--- EXERCISE DETAILS ---
Transcribe the entries below exactly; leave every image out.

--- SOURCE RECORDS ---

━━━━━━━━━━━━━━━━━━━━

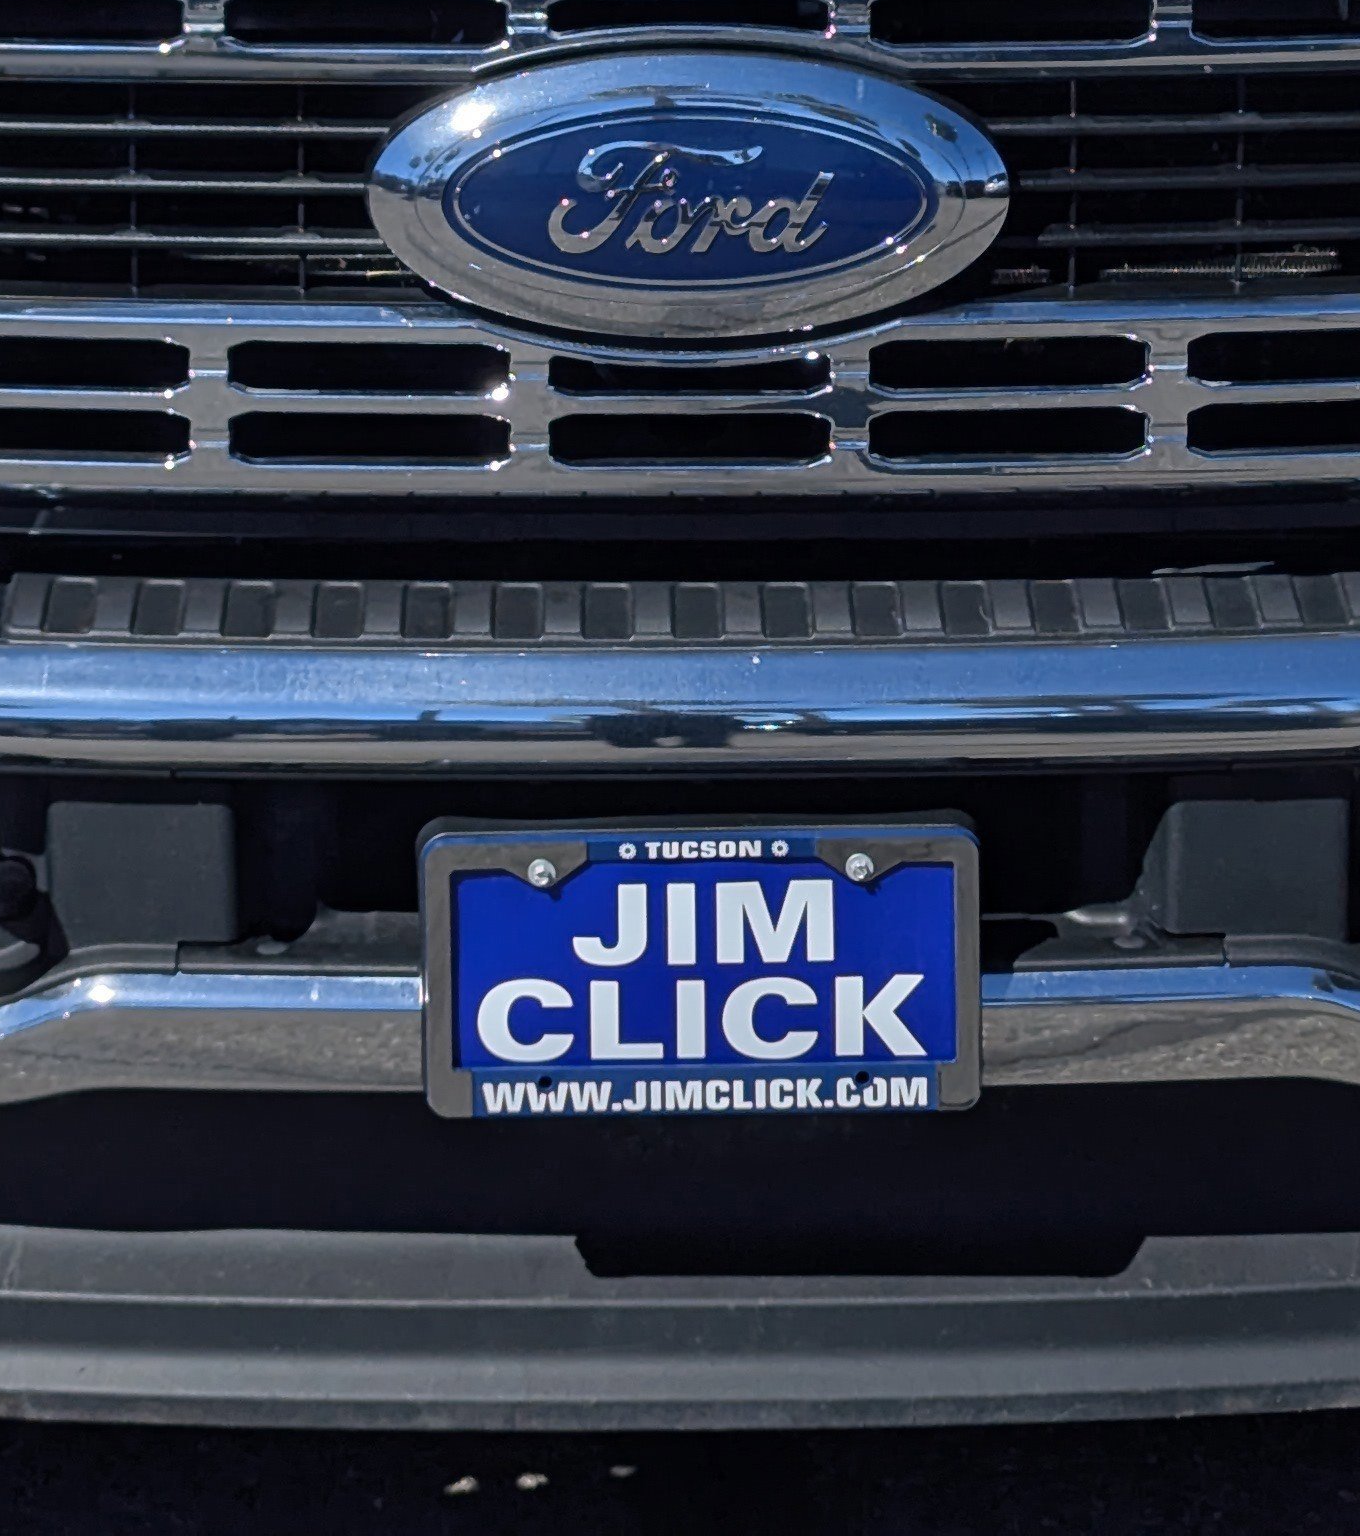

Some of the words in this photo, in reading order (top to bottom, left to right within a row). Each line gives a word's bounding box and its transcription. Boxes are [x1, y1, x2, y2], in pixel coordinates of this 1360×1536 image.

[547, 139, 836, 255] Ford
[645, 840, 762, 860] TUCSON
[572, 878, 835, 966] JIM
[476, 974, 928, 1063] CLICK
[482, 1076, 929, 1115] WWW.JIMCLICK.COM
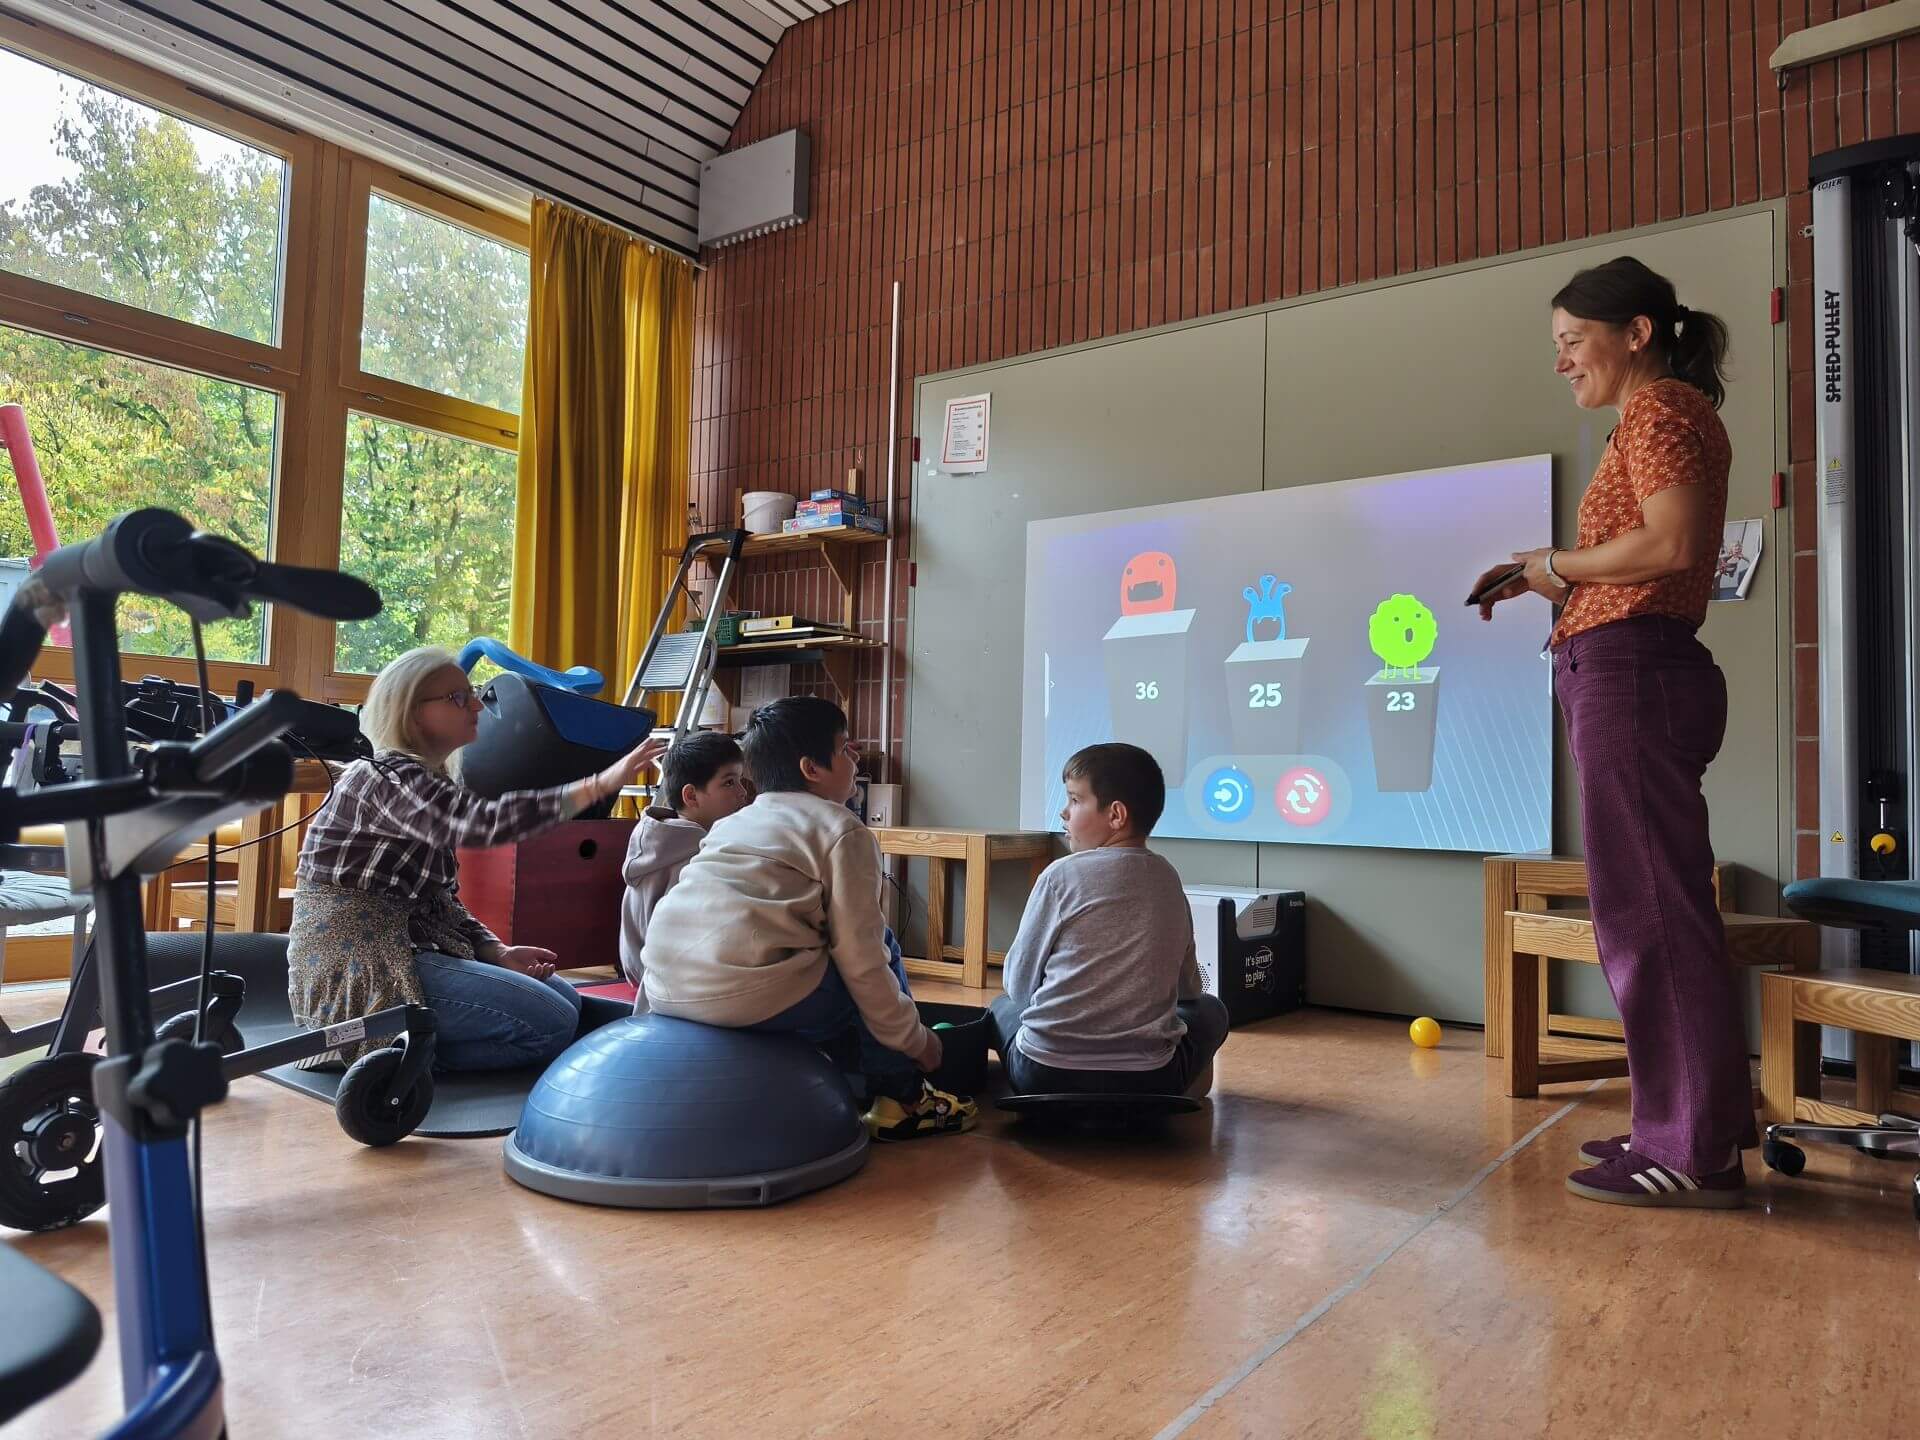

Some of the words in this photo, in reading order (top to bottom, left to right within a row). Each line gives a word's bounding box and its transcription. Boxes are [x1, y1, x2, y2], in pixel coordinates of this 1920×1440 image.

[1135, 681, 1159, 700] 36
[1249, 682, 1282, 708] 25
[1386, 691, 1416, 712] 23
[1245, 955, 1255, 967] It's
[1255, 953, 1272, 965] smart
[1245, 972, 1252, 983] to

━━━━━━━━━━━━━━━━━━━━

--- ANSWER FOR THE TASK ---
Some of the words in this photo, in reading order (top to bottom, left to right within a row). Each line gives a word's bounding box and its transcription. Boxes are [x1, y1, x2, y2], in pixel coordinates of this 1360×1536 image.

[547, 139, 836, 255] Ford
[645, 840, 762, 860] TUCSON
[572, 878, 835, 966] JIM
[476, 974, 928, 1063] CLICK
[482, 1076, 929, 1115] WWW.JIMCLICK.COM

Some of the words in this photo, in reading order (top to bottom, left to right within a row). Each line gives a word's bounding box and its transcription. Boxes are [x1, y1, x2, y2], in pixel coordinates of this 1920×1440 image.

[1135, 681, 1159, 700] 36
[1249, 682, 1282, 708] 25
[1386, 691, 1416, 712] 23
[1245, 955, 1255, 967] It's
[1255, 953, 1272, 965] smart
[1245, 972, 1252, 983] to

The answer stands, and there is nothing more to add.